Authors
L Izquierdo1; 1 Instituto de Salud Global de Barcelona, SpainDiscussion
Annually, malaria causes more 200 million clinical cases and 450,000 deaths. Recent studies suggest the presence of unknown α-galactose (α-gal)-containing glycans on the surface of Plasmodium sporozoites, which invade the mosquito salivary glands and are delivered to the human host during blood meal. Due to gene inactivation of α-1,3-galactosyltransferase (α1,3GT) during evolution, human cells lack α-gal epitopes and produce anti-α-gal antibodies, which are the most abundant immunoglobulines in humans. Notably, individuals with higher anti-α-gal antibody levels are protected against malaria infection in endemic areas, and vaccination against α-gal confers sterile malaria protection in α1,3GT-deficient mice.
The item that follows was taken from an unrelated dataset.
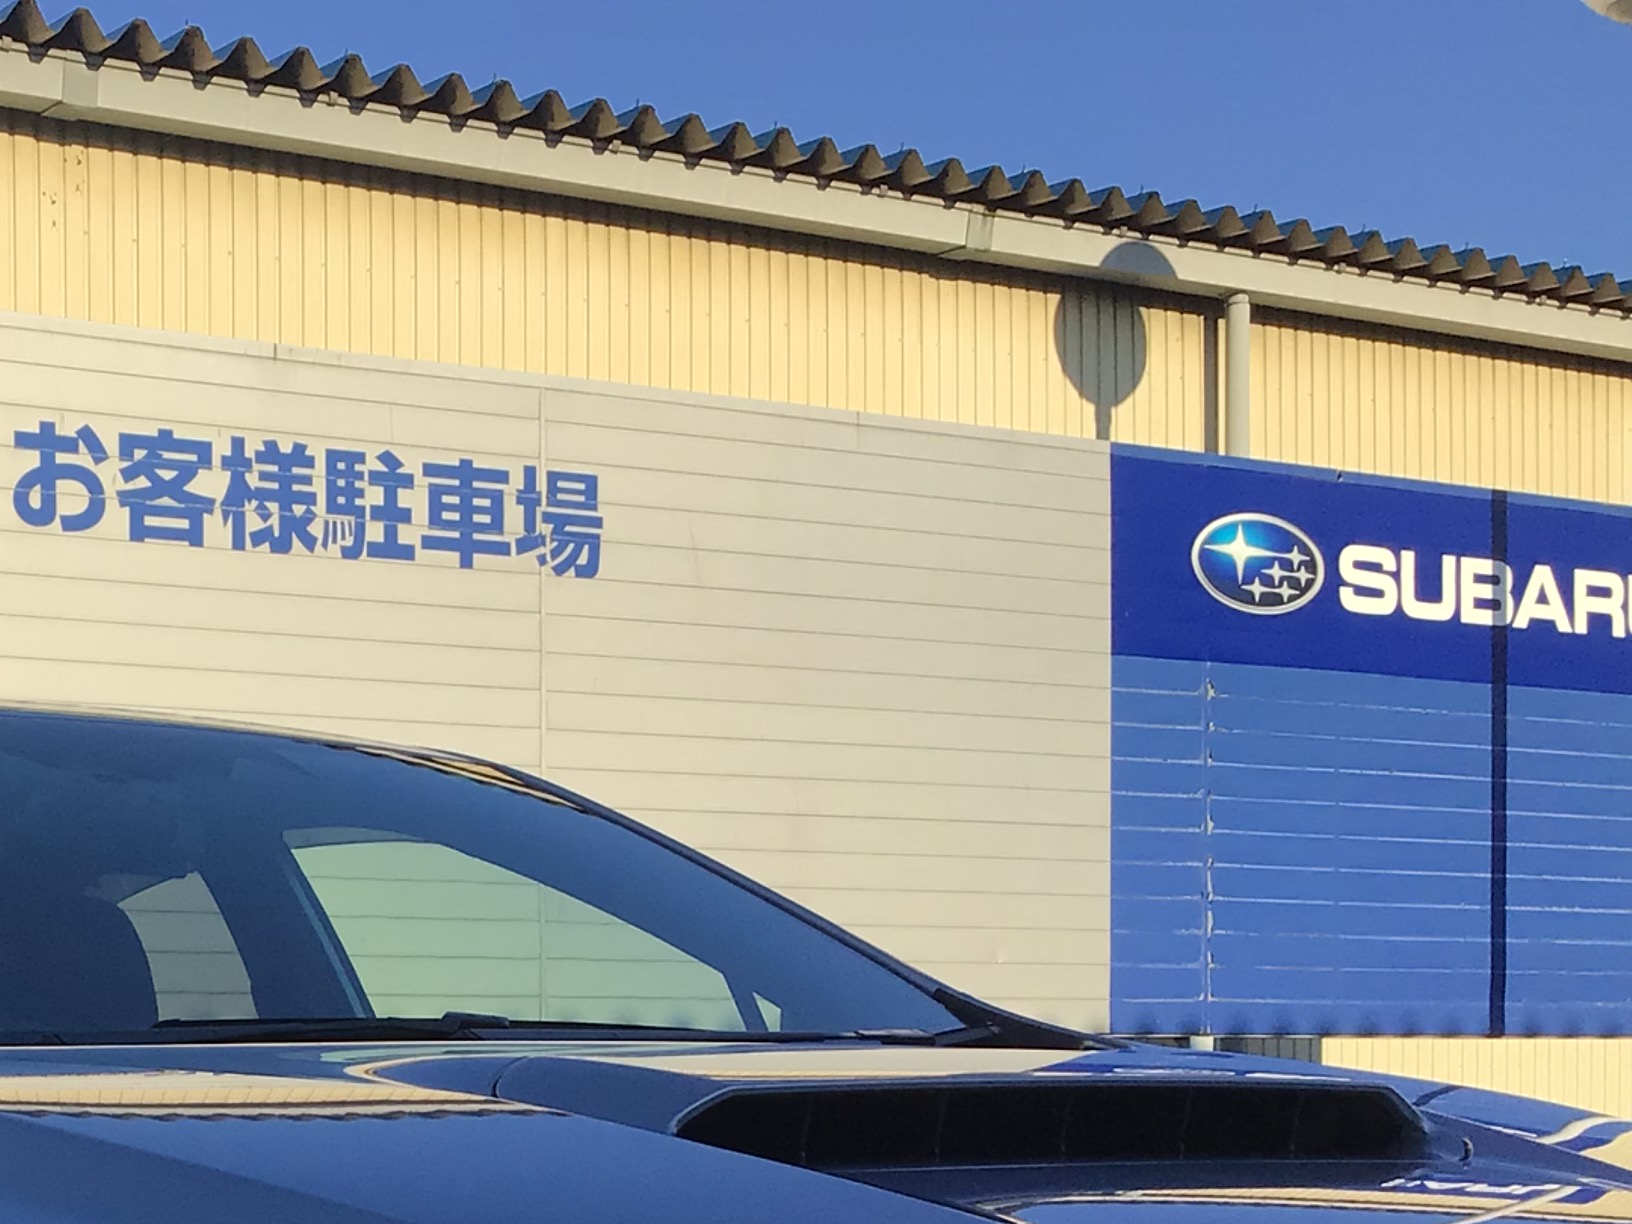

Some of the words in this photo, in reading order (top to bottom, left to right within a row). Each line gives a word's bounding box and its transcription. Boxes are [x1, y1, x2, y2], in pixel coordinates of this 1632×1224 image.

Therefore, immunization with appropriate α-gal epitopes and the boost of anti-α-gal antibody levels could offer a unique opportunity to protect against malaria infection and significantly reduce its transmission. Remarkably, the malaria parasite produces UDP-galactose, the sugar nucleotide donor required by galactosyltransferases. Nevertheless, much remains unknown about the P. falciparum glycoconjugates containing α-gal epitopes, including their putative expression in other parasite stages. We have investigated the α-gal presence in the different stages of P. falciparum development with the goal to map glycoconjugates putatively carrying α-gal epitopes. Using anti-α-gal antibodies and lectins that recognize α-gal, we were unable to detect α-gal-containing glycans in the parasite sporozoite stages. However, we have observed α-gal-containing proteins in ring and trophozoite stages. Interestingly, α-gal is not present in schizonts, merozoites or gametocytes, suggesting a tightly regulation of α-gal expression through the different stages of intraerythrocytic sexual and asexual development. We are currently carrying out anti-α-gal pull downs for LC-MS/MS based protein identification to tackle the analysis of α-gal glycoconjugates. The identification and characterization of these α-gal-containing glycans may be exploited for the development of novel glycan-based protein conjugate vaccines against the parasite.